##### DATASET EXTRACT #####

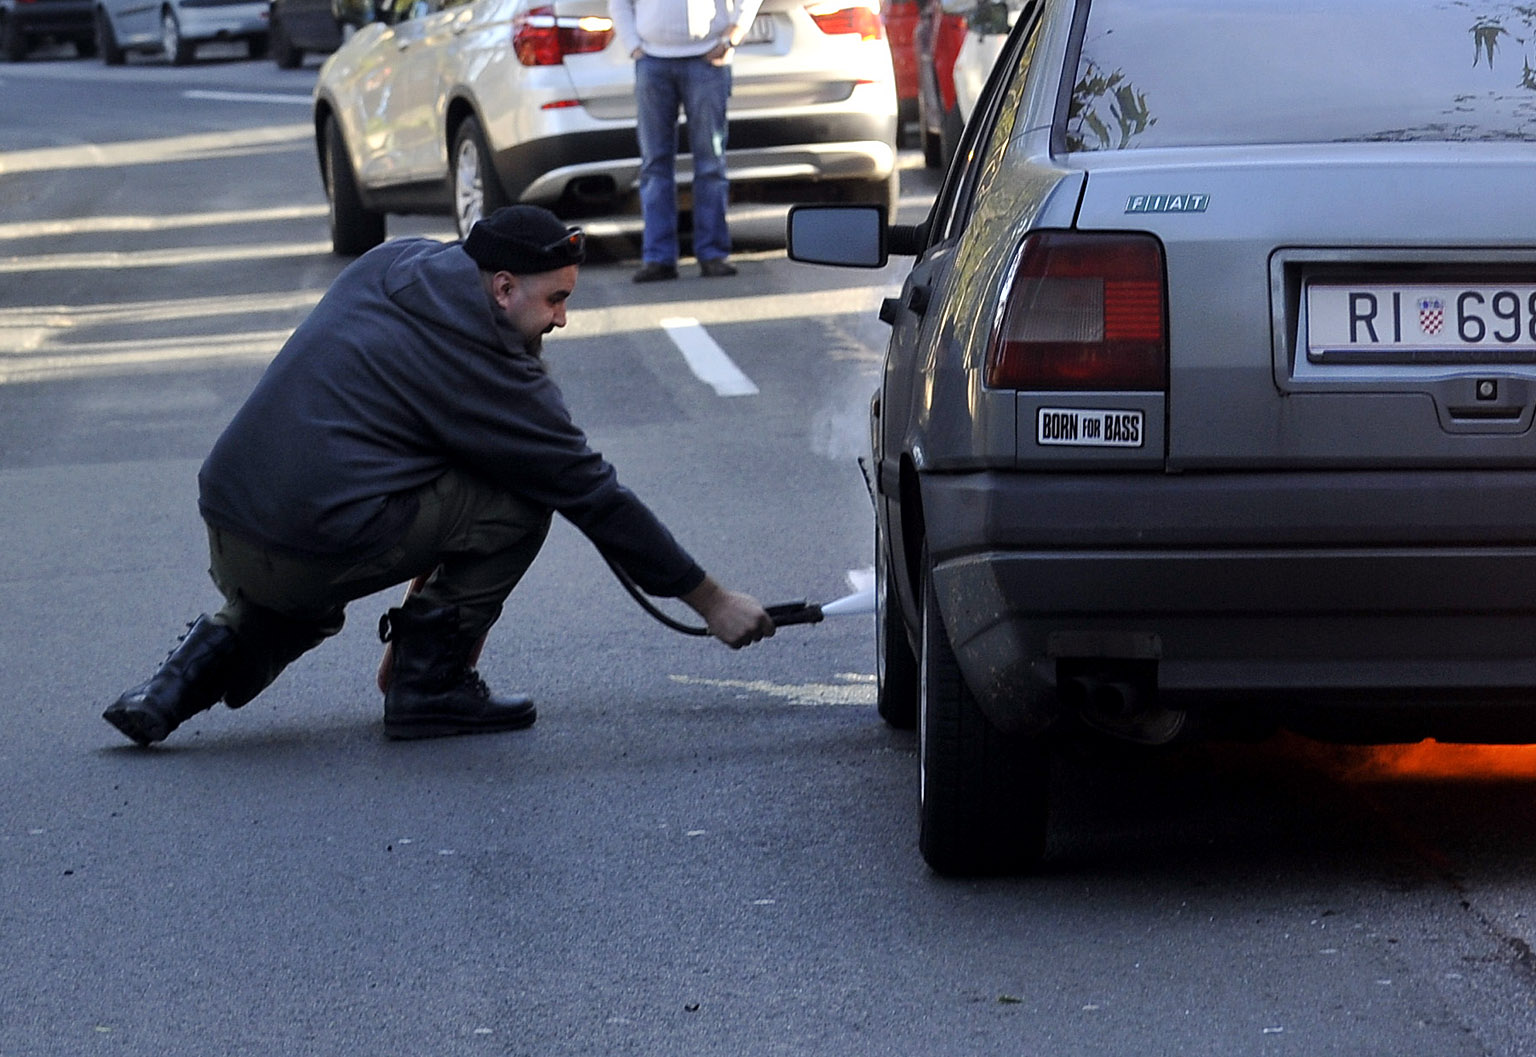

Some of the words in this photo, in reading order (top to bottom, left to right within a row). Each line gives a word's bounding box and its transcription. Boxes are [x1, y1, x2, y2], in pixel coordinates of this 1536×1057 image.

[1131, 194, 1204, 211] FIAT
[1348, 291, 1401, 344] RI
[1042, 413, 1079, 440] BORN
[1082, 418, 1101, 439] FOR
[1104, 414, 1140, 442] BASS

#####

### REQUIREMENT
Return every line above exactly, omitting images.

### SOLUTION BELOW
Some of the words in this photo, in reading order (top to bottom, left to right within a row). Each line gives a word's bounding box and its transcription. Boxes are [x1, y1, x2, y2], in pixel coordinates of this 1536×1057 image.

[1131, 194, 1204, 211] FIAT
[1348, 291, 1401, 344] RI
[1042, 413, 1079, 440] BORN
[1082, 418, 1101, 439] FOR
[1104, 414, 1140, 442] BASS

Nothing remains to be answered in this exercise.